There are ambulances parked around town. Saint John, on average,has 4 ambulances stationed in the city. 1 in the valley, i think, and 1 in the parish of Simonds.
So when you think of there call volume, apporx 12000 calls a year just for the city alone then you run out of ambulances pretty quick. Remember Saint John Fire only respond to approx 30% of the total 911 calls for ambulance.
As ambulances in the city become unavailable they then draw ambulances in from outside the city. Waiting for an ambulance from KV is not uncommon, and occasionally your waiting for one from Hampton. That is fact.
The idea of simply adding more ambulances simply will not ever happen. The provincial government wouldn't do it when they ran the service they then contracted the service out to Blue Cross who now runs it as a for profit service. Ask any EMT and they'll tell you the ambulance service took a huge step backwards when Blue Cross took over. cont
Our 2 outer stations (2 and 7) cover the outer most areas of the city.
Engine 2 ( for medicals and MVA's)is responsible for the lochlomond road out to the city limits, the Golden Grove road out to the city limits, Old rothesay road to the city limits as well as the eastbound highway to the city limits. I have no idea how many people reside in those areas. In case of a fire the next closet engine comes from bayside dr, the ladder truck from Carmarthen street and the rescue from the north end.

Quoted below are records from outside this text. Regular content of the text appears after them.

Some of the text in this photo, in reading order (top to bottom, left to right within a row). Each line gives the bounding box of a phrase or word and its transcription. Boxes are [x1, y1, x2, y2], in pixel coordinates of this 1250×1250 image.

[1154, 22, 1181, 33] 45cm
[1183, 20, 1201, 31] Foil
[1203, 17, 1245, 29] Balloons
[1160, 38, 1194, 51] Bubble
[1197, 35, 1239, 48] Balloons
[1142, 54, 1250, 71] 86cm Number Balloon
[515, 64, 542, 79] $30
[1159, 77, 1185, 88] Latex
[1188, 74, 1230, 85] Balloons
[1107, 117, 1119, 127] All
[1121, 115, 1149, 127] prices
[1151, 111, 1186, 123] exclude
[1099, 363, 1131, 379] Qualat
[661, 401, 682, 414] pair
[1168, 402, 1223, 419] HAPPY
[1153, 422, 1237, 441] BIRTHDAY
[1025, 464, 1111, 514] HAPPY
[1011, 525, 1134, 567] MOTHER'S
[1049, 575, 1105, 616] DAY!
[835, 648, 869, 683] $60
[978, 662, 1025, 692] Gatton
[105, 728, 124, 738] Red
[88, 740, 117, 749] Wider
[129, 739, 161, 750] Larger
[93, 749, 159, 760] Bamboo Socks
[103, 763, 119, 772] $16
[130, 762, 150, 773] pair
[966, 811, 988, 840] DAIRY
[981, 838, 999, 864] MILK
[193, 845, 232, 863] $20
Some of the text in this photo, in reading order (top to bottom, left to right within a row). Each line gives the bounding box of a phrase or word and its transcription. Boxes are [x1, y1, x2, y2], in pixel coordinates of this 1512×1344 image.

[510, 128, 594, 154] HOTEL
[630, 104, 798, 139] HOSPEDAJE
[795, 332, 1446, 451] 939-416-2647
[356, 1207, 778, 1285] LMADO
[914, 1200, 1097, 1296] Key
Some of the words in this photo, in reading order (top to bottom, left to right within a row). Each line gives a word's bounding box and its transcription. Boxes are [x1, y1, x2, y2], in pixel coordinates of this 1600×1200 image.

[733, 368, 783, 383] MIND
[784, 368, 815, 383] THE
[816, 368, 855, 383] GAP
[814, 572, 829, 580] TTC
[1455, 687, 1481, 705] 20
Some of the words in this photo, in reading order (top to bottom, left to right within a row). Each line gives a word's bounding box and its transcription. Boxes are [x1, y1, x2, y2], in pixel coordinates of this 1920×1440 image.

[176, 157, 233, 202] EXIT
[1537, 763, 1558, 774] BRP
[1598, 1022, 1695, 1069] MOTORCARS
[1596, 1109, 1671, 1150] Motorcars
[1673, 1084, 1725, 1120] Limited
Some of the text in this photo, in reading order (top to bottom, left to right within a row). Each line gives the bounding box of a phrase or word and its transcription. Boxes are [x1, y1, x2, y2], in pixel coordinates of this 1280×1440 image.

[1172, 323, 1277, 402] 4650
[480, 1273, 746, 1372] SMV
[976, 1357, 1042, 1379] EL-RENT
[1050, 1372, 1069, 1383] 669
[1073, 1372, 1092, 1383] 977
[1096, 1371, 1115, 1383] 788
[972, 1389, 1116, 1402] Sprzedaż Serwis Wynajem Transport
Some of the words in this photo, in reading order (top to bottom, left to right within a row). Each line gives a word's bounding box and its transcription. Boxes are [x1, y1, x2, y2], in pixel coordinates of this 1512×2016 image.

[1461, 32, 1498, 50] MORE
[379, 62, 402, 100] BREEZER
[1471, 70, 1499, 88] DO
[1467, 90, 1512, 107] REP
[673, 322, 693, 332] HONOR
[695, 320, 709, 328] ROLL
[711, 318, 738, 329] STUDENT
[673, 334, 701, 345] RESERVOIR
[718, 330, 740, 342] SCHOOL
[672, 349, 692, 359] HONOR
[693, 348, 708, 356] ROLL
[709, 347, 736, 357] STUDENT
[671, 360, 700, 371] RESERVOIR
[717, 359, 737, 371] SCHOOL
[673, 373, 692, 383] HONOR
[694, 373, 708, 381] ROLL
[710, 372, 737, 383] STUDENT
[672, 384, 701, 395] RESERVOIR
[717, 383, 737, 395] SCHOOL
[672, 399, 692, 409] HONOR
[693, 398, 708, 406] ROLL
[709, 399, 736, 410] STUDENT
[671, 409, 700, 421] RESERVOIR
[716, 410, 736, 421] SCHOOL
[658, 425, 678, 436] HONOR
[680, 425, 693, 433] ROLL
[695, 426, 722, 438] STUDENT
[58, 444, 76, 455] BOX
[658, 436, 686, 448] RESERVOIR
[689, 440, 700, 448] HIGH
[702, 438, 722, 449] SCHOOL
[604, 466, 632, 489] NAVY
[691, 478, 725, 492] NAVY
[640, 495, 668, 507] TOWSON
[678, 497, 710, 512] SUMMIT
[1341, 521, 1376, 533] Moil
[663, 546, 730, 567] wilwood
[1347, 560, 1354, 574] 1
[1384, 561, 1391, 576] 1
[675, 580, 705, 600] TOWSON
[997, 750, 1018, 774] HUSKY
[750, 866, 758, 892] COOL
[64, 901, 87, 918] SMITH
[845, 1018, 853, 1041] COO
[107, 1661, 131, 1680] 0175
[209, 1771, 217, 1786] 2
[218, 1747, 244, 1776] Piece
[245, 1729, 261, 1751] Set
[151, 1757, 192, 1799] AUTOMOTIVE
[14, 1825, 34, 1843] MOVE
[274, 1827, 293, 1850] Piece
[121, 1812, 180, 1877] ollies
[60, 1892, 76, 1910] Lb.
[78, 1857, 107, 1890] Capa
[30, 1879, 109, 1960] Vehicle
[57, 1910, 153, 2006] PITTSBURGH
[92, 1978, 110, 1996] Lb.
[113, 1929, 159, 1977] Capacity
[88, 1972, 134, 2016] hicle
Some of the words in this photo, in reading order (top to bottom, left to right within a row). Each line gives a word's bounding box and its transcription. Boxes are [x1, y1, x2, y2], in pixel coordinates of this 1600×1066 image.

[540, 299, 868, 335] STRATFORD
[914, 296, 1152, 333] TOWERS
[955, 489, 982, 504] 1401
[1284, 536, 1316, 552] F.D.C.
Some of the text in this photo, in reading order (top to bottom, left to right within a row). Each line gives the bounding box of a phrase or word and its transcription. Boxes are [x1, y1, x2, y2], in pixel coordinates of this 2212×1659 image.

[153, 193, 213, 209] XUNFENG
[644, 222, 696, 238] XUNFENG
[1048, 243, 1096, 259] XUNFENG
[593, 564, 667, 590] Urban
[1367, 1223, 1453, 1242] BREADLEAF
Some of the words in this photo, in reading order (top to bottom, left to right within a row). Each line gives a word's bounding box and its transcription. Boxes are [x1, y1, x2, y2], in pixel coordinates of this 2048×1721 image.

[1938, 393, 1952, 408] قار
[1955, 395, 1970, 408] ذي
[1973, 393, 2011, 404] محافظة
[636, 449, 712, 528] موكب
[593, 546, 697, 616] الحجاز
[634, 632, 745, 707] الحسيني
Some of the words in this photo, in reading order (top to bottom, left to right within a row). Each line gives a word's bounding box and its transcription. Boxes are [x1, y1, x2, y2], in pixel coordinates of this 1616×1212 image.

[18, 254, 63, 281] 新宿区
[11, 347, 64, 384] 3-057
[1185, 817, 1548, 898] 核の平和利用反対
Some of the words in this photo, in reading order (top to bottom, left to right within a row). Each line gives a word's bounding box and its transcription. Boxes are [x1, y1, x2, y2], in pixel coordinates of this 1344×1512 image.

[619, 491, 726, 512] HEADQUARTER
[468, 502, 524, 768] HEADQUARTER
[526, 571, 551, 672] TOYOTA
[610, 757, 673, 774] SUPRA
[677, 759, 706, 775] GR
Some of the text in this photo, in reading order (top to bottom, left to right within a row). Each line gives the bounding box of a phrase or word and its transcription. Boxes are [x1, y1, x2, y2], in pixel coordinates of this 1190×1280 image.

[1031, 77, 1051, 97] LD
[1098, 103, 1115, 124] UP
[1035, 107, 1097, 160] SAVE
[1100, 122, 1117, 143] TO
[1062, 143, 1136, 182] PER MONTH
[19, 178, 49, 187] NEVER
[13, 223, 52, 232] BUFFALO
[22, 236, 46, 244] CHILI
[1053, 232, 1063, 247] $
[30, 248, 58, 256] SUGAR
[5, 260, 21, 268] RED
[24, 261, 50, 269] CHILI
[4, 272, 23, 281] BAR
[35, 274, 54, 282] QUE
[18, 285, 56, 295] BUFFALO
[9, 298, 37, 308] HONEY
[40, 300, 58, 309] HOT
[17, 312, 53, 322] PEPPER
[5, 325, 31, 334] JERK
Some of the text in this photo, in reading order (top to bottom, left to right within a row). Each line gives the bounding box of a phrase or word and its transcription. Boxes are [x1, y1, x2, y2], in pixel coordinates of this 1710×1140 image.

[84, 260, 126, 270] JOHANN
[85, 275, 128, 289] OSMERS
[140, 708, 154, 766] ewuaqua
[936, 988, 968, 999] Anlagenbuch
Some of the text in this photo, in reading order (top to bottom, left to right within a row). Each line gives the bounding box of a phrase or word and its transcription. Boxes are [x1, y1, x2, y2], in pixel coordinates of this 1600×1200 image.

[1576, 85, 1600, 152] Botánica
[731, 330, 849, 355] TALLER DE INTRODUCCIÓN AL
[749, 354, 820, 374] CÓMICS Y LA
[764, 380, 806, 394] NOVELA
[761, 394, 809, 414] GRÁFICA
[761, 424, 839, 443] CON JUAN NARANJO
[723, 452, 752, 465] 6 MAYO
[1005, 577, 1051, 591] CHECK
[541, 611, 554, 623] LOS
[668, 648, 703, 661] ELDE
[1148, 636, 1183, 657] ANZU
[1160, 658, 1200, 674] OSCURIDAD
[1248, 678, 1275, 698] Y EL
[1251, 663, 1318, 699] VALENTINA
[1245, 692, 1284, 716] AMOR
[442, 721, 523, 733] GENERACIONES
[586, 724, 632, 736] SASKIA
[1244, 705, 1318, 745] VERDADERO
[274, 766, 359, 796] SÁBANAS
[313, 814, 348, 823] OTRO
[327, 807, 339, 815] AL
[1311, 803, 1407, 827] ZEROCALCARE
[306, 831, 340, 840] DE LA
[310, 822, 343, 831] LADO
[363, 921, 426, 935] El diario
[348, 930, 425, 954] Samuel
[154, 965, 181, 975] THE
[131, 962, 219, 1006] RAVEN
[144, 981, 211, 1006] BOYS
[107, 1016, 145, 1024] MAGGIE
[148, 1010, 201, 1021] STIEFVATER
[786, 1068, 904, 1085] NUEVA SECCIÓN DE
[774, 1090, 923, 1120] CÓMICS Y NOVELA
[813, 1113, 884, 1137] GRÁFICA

Engine 7 is responsible for the westfield road out to the sobeys in Grand Bay, to the end of Lorneville and the highway to the border of Grand Bay. In case of fire the closet engine come from the lower west side, and the ladder and rescue are coming from the north end station.
according to the ward maps the wards they cover both have a pop. of 16000. How many in the outskirts I don't know.
I'm certainly not against the F.D responding to emergency's when there is no ambulance within range.
I think the City should look within the City for the cuts. Wages, expenditures, expense accounts,etc,are the places that require the cuts, along with making sure ALL business interests in the city are paying their taxes. That includes the Irving interests. I'm not against the Irvings, just against the idea of them not paying their fair share, and asking for deals. We have out priorities a little mixed up don't we council?
The large businesses are wasting money left and right, and it's falling on the taxpayers. Ask their employees about the perks..they cost thousands per year. We all pay for this in the end. I know this is not the issue at hand, but I am so tired of all the waste..including the waste of yet another study paid for by the taxpayers.